Given that Barbato grew up in Holliston, you can understand why he'd still be feeling culture shock five years after departing the Bay State. What's harder to figure is how a guy with his pedigree in jazz guitar moves to LA and winds up with members of the now defunct Distillers and together they make music that isn't punk or jazz. It's not really psych-rock, either. Call it a velvet haze of potentially narcotic pop rock.
Barbato: "It happened really naturally. We would take something like heavy riffing stuff from the punk aspects and do the repetition stuff that's sort of a jam-type thing over it."
Pretty much every band who ever formed will tell you how "organically" their sound came into being, and just thinking about writing "Darker My Love defy genre classification" makes me want to smash my fingers with a hammer. But on DML's second disc, 2 (Dangerbird), something elemental is happening. "Northern Soul" reminds me of the title track from Perfect Strangers, even though DML have zilch to do with Deep Purple. "Talking Words" reminds me, for no reason I can explain, of Orange Julius. "Two Ways Out" reminds me of bopping around on Adderall while listening to the Beach Boys.
(Speaking of cheap drugs, hearing from Barbato that Dandy Warhols' Courtney Taylor-Taylor is actually an upstanding dude makes me wonder whether Ondi Timoner's 2004 documentary Dig! wasn't a hatchet job. Barbato and DML guitarist Tim Presley also got along swimmingly with Mark E. Smith during the year they spent as members of the Fall. Of course, everyone is more likable in smaller doses.)
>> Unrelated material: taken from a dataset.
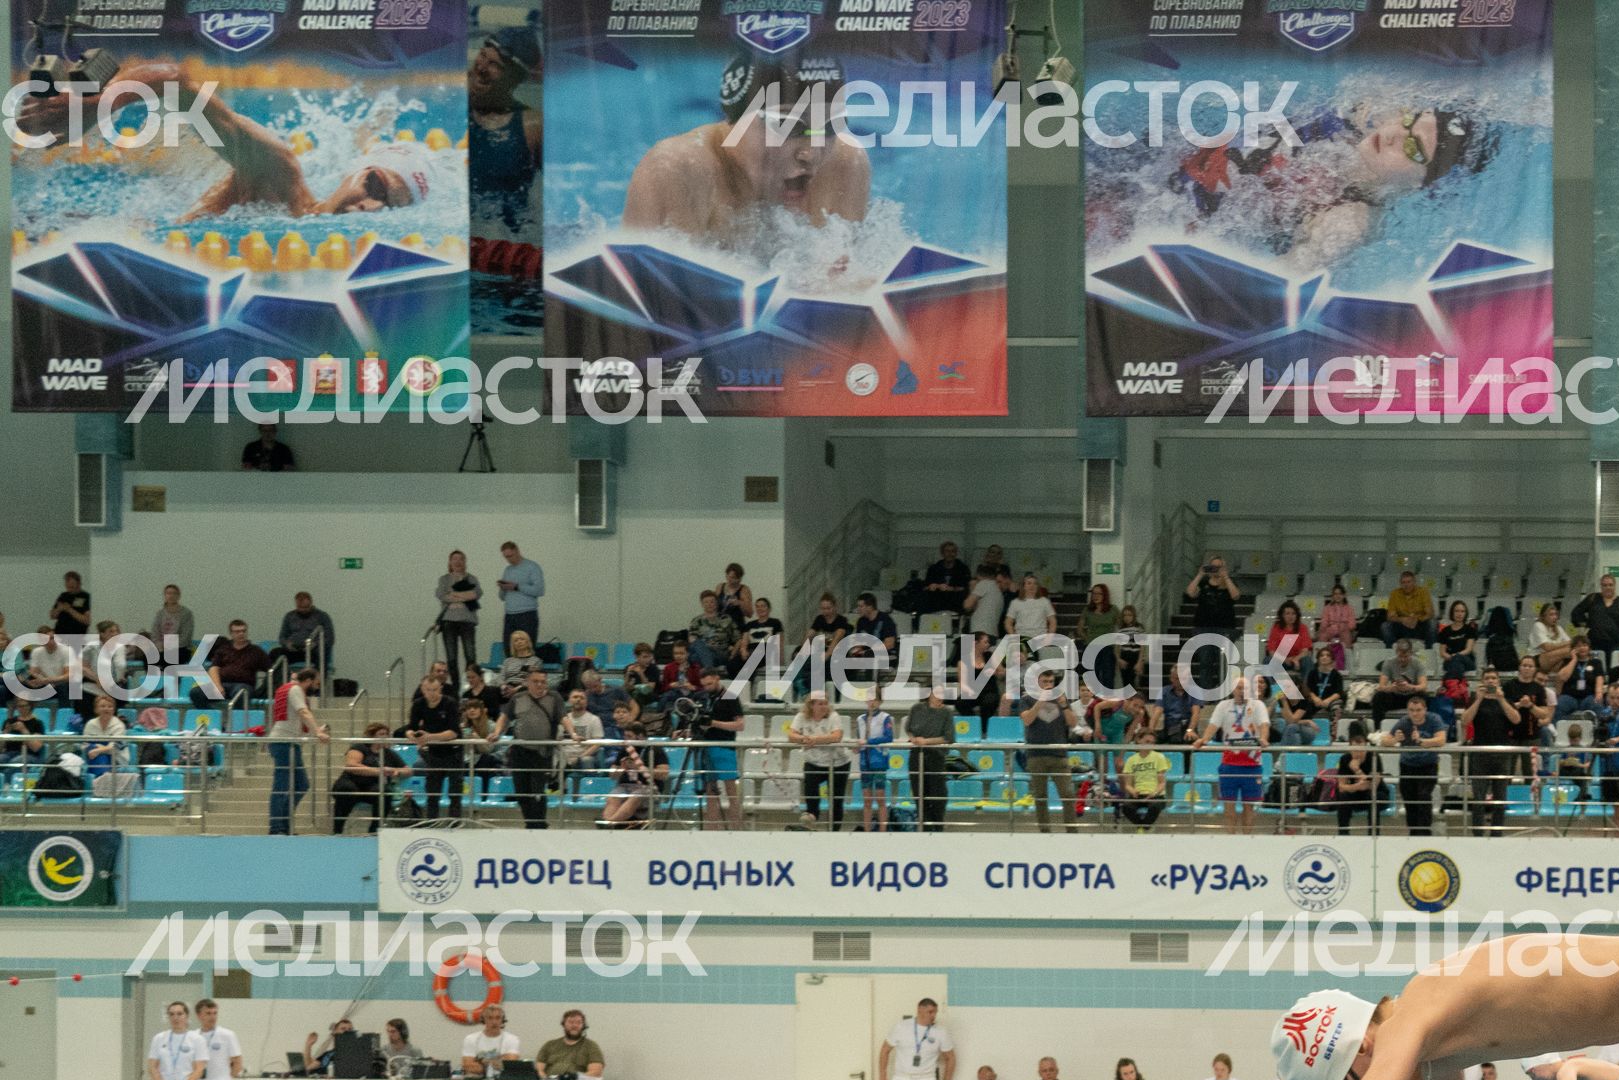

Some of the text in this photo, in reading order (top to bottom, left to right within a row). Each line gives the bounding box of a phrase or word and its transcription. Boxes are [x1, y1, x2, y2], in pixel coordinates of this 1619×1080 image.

"We don't want to be associated with scenes," Barbato continues. "We just went on tour with the Dandy Warhols, and we've been on tour with the Warlocks, but that's just because those bands like our band. It's not because we hang out with those people all the time. LA, I think, is a spot for so-called new psychedelic bands. It's tough for us, because we don't see ourselves as that. There's music that's way more psychedelic than what we're doing. We're just a rock band."